UBS menace de quitter la Suisse à cause de nouvelles règles de capital
Va-t-elle ou reste ? De nombreuses spéculations circulent concernant l’avenir du siège social d’UBS. Une enquête révèle également un attachement surprenant de la population à la banque.
Erreur 1 : Un déménagement d’UBS est totalement irréaliste
Cette opinion était relayée hier dans le «NZZ AM Sonntag». Elle fait suite à la position du département financier de Karin Keller-Sutter : le déménagement est une menace creuse, UBS finira par accepter les exigences de capital renforcées – les fameux 24 milliards de francs suisses pour ses activités à l’étranger.

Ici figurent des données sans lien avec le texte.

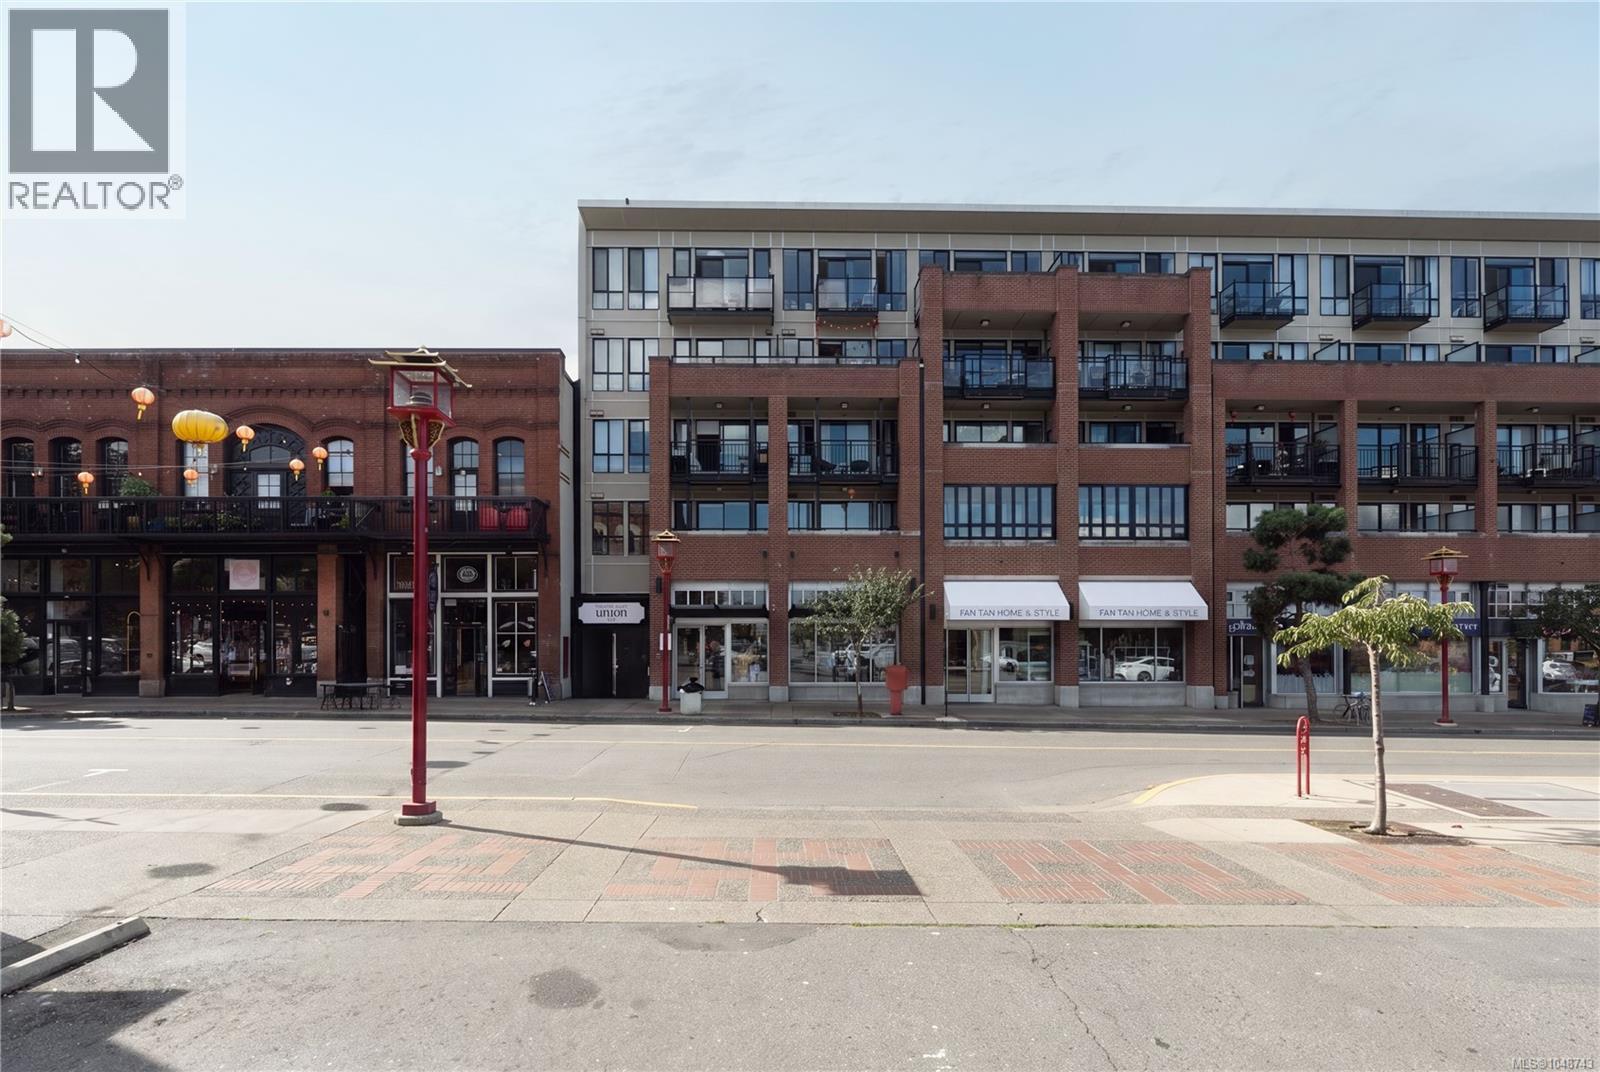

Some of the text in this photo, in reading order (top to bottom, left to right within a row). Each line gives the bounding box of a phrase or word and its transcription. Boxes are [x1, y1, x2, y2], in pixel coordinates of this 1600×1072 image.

[596, 609, 627, 617] union
[960, 609, 1059, 617] FAN TAN HOME & STYLE
[1099, 609, 1198, 617] FAN TAN HOME & STYLE

Cette vision ne tient pas compte d’un changement récent au sein d’UBS. Non seulement le fonds spéculatif suédois Cevian, mais aussi les actionnaires américains, le plus grand groupe de propriétaires, ont perdu patience. Le «NZZ AM Sonntag» l’a rapporté, tout comme le «Sonntagszeitung». Son rédacteur en chef, spécialiste bancaire et auteur du film sur le CS Sunset, a écrit : “La menace de déménagement est plus réaliste que prévu.” Le «Sonntagsblick» cite l’analyste financier «redouté» Stefan Stalmann, qui avait souligné les fonds propres insuffisants du Crédit Suisse dès le début. Il estime désormais qu’une décision de déménagement est “un plan B ou C en réponse à l’évolution des exigences de capital suisses”. Le plan A serait qu’UBS reste en Suisse et parvienne à assouplir la réglementation.
Erreur 2 : Un déménagement est extrêmement coûteux et complexe sur le plan juridique
Jusqu’à présent, l’idée d’un maintien en Suisse semblait rassurante. Mais les médias américains évoquent une solution possible pour contourner la complexité : UBS pourrait racheter une banque américaine de taille moyenne par le biais d’une prise de contrôle inverse. Officiellement, UBS opérerait alors à travers la plus petite banque américaine, dont les actionnaires recevraient de nouveaux titres. Le siège social pourrait être transféré en Amérique relativement rapidement.
Erreur 3 : UBS devrait changer de nom
Une délocalisation à New York impliquerait, selon certains commentaires sur les portails d’actualités, que la banque devrait changer de nom. Faux : le «S» dans UBS ne représente plus la Suisse. Jusqu’à la fusion avec le Banking Club en 1997, c’était le cas dans la version française d’UBS. La banque fusionnée s’est ensuite brièvement appelée United Bank of Suisse, mais la marque n’est jamais devenue officiellement officielle. UBS signifie simplement UBS – et n’est pas un acronyme. Le nom resterait donc valable même avec un siège social à New York.
Erreur 4 : Les Suisses n’auraient pas d’importance pour UBS
Au sein de la direction d’UBS, certains estiment que “le peuple” déteste la banque et qu’une délocalisation aux États-Unis serait sans importance : “Qu’importe !”
En réalité, de telles opinions dominent sur les réseaux sociaux, et UBS reçoit apparemment de nombreuses lettres virulentes. Une enquête réalisée par le «NZZ AM Sonntag», à laquelle ont participé 1100 abonnés, révèle une image différente : 59% regretteraient une décision de déménagement, 32% s’en indifféreraient, et 9% sont indécis. Le vote était en ligne et accessible uniquement aux abonnés, il n’est donc pas représentatif, mais il est certainement plus significatif que les publications sur les réseaux sociaux.
Erreur 5 : Les exigences d’investissement seront certainement adoptées par le Parlement
C’est ce que pense le département des affaires publiques d’UBS après l’échec des efforts de lobbying des derniers mois. Mais rien n’est encore certain. Le PLR est divisé et pourrait encore faire basculer la décision concernant UBS. Le «Sonntagszeitung» évoque un compromis possible : “On pourrait permettre à UBS de s’installer tout en lui imposant des exigences de capital moins strictes que les 24 milliards prévus. Il existe également des réglementations qui empêchent l’acquisition d’une grande banque d’investissement.” Les politiciens zurichois travaillent sur cette solution.